MoodHaven is zero-knowledge. The password is never stored — not the password, not a reversible form of it. It’s run through PBKDF2-HMAC-SHA256 (600k iterations) to derive the keys that encrypt your data, and those keys live only in memory while the app is unlocked. “We can’t read your journal” isn’t marketing; it’s that there is no stored key to read.

Which means there is no field to overwrite. The password is the key. Changing it means re-deriving every key that hangs off it and re-encrypting everything those keys protect. And in MoodHaven that’s two independent layers:

  • Outer — SQLCipher whole-DB. The entire database file is encrypted with a raw 256-bit key = PBKDF2(password, db_salt, 600k), applied as a raw PRAGMA key = "x'<hex>'". The salt lives in db_state.json.
  • Inner — per-field AES-256-GCM. Journal text, signals, the TOTP seed, and media each get their own AES-256-GCM blob with its own random salt. These keys are derived in the frontend (WebCrypto), because that’s where plaintext is allowed to exist.

So the work spans two runtimes. JS holds the entry and signal keys; Rust holds everything else (the SQLCipher key, media files on disk, the TOTP seed).

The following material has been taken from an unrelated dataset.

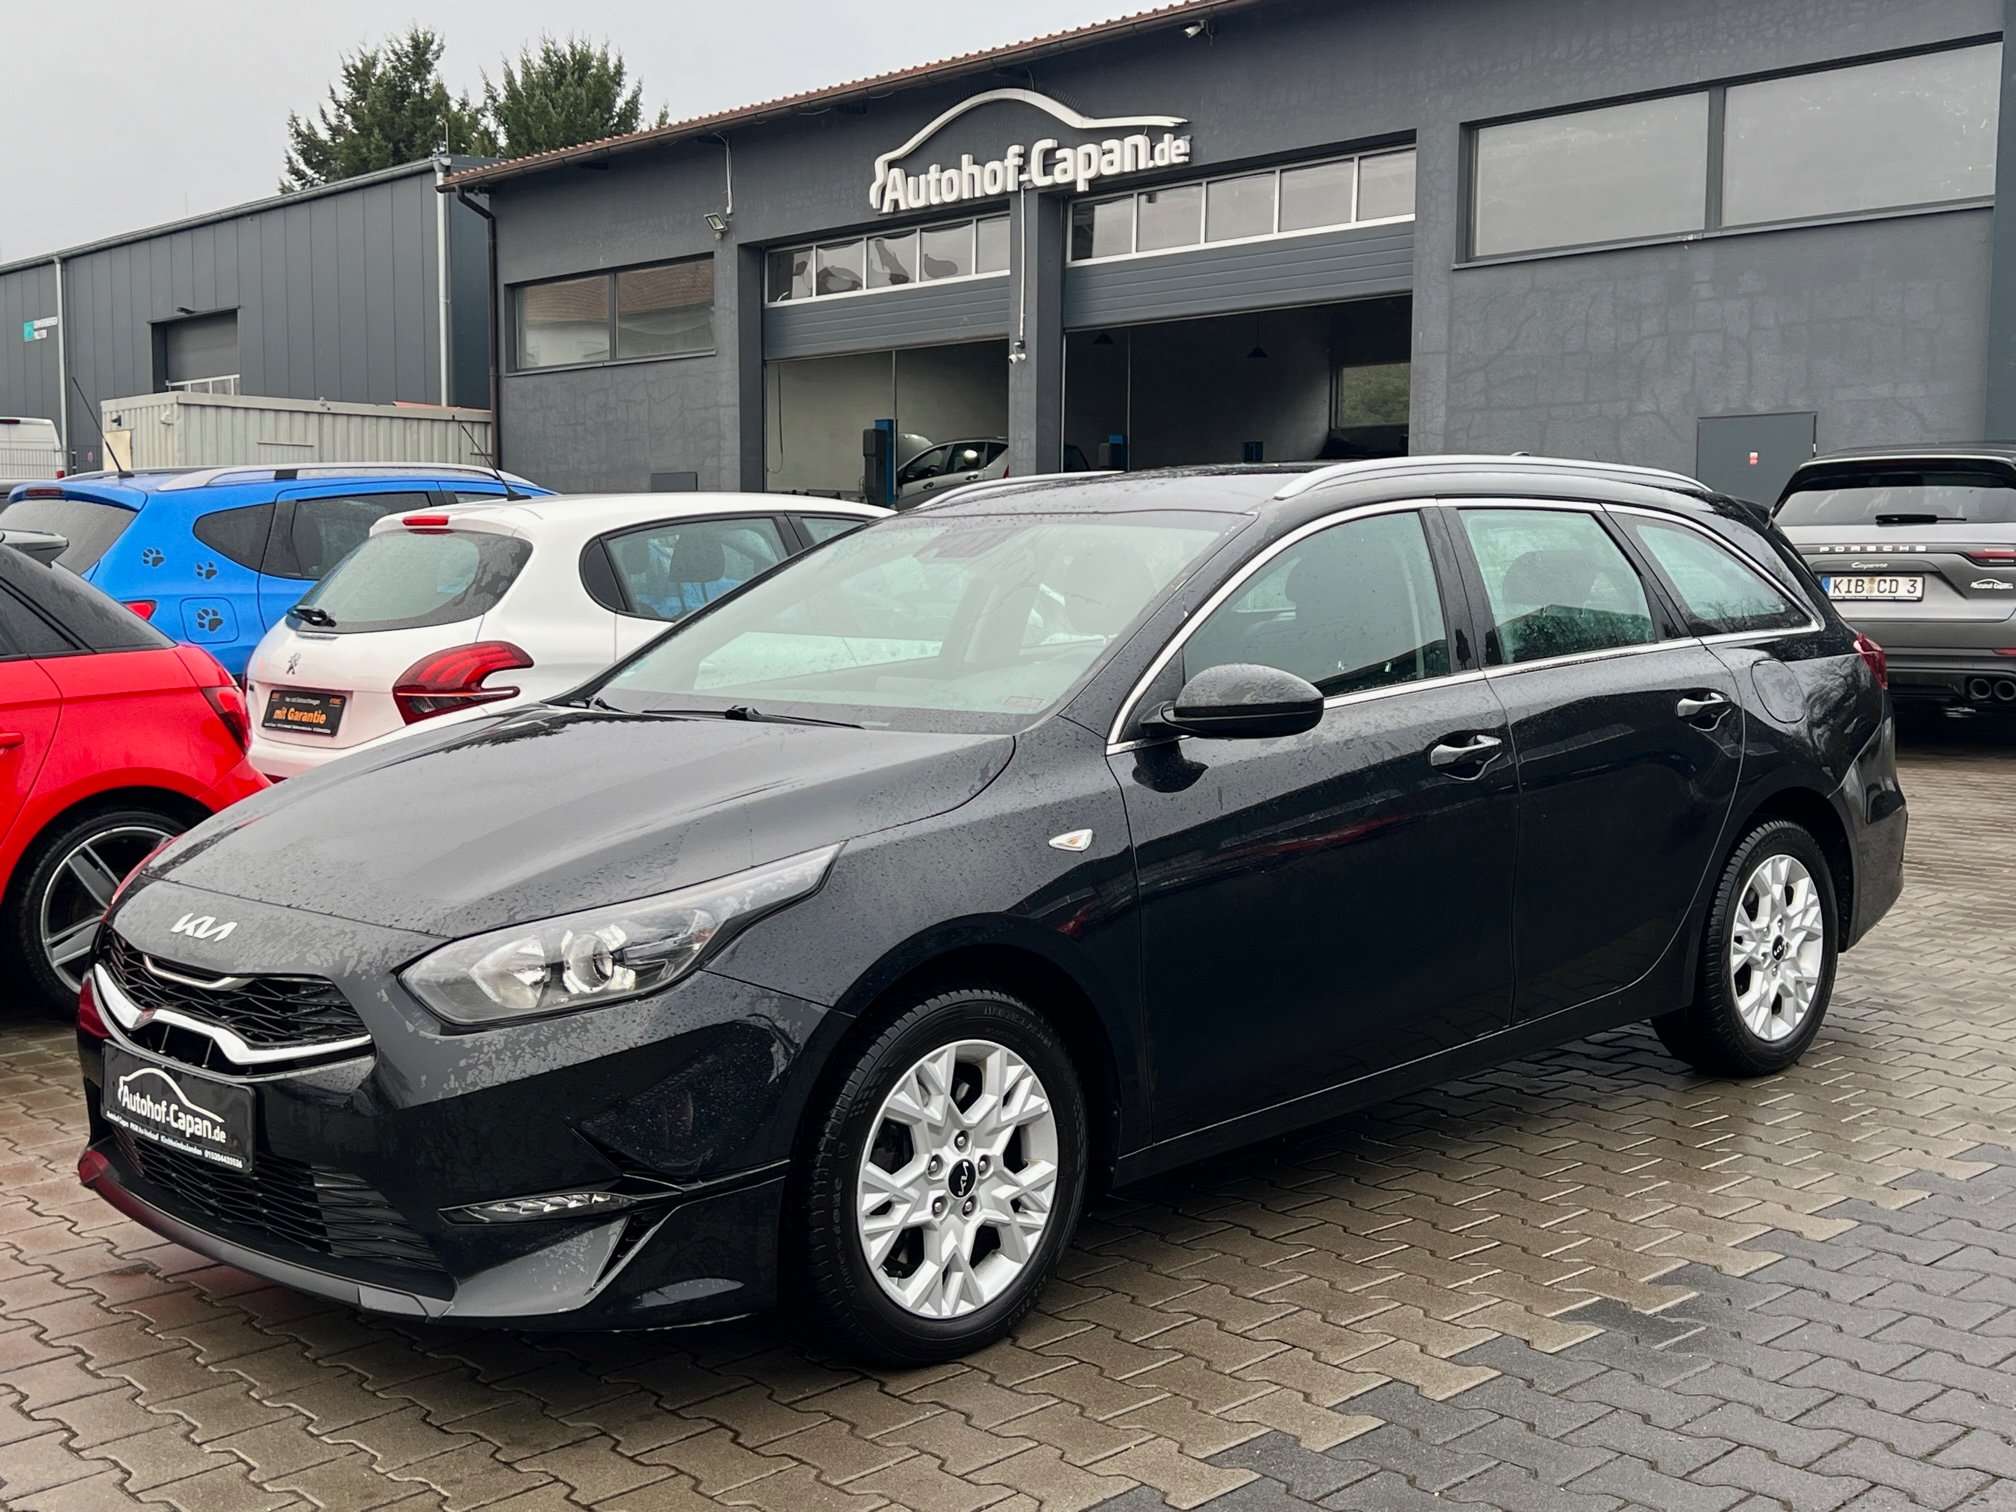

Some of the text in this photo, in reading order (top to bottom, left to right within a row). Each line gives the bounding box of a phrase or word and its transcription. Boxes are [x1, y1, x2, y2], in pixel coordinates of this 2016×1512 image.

Neither side can do the job alone.

Here’s the full dependency audit — eleven things that touch the password:

#ItemStored asAction on change
1Journal entriesper-field AES-GCM blobre-encrypt (frontend has the key)
2Signalsper-field AES-GCM blobre-encrypt (frontend)
3Media attachmentsencrypted files on diskre-encrypt (Rust)
4SQLCipher DB keypassword-derived, salt on diskrekey the whole file (Rust)
5TOTP seedper-field blobre-encrypt (Rust)
6PIN unlockwrapped copy of the passwordinvalidate + prompt
7Desktop biometricpassword in OS keyringinvalidate + prompt
8Recovery keypassword wrapped under the recovery codere-escrow or invalidate
9Verifier hashPBKDF2 hash + saltupdate
10Hardware keyindependent secret (not the password)no-op
11Old export filesself-contained envelope per exportno-op

Items 1–5 plus 9 are the irreversible re-encryption work. Items 6–8 are convenience copies that wrap the old password; the safe default is to invalidate them and prompt re-setup (more on the one exception below). Items 10–11 are genuinely independent.

The real enemy: atomicity

The hard part isn’t the crypto. AES-GCM and PBKDF2 are library calls. The hard part is that this operation is three different kinds of write with three different failure models:

  • The inner re-encryption is a SQLite transaction (atomic, fine on its own).
  • The media is loose files on a filesystem (not transactional, not atomic).
  • The outer rekey rewrites the whole DB file.

Computers lose power. Processes get SIGKILL’d. If a change is interrupted mid-flight, the unacceptable outcome is a journal that’s partly on the new password and partly on the old — a state where no single password opens all the data. In a zero-knowledge app that’s not “an error message,” that’s permanent data loss. There’s no admin key to recover with; that’s the entire premise.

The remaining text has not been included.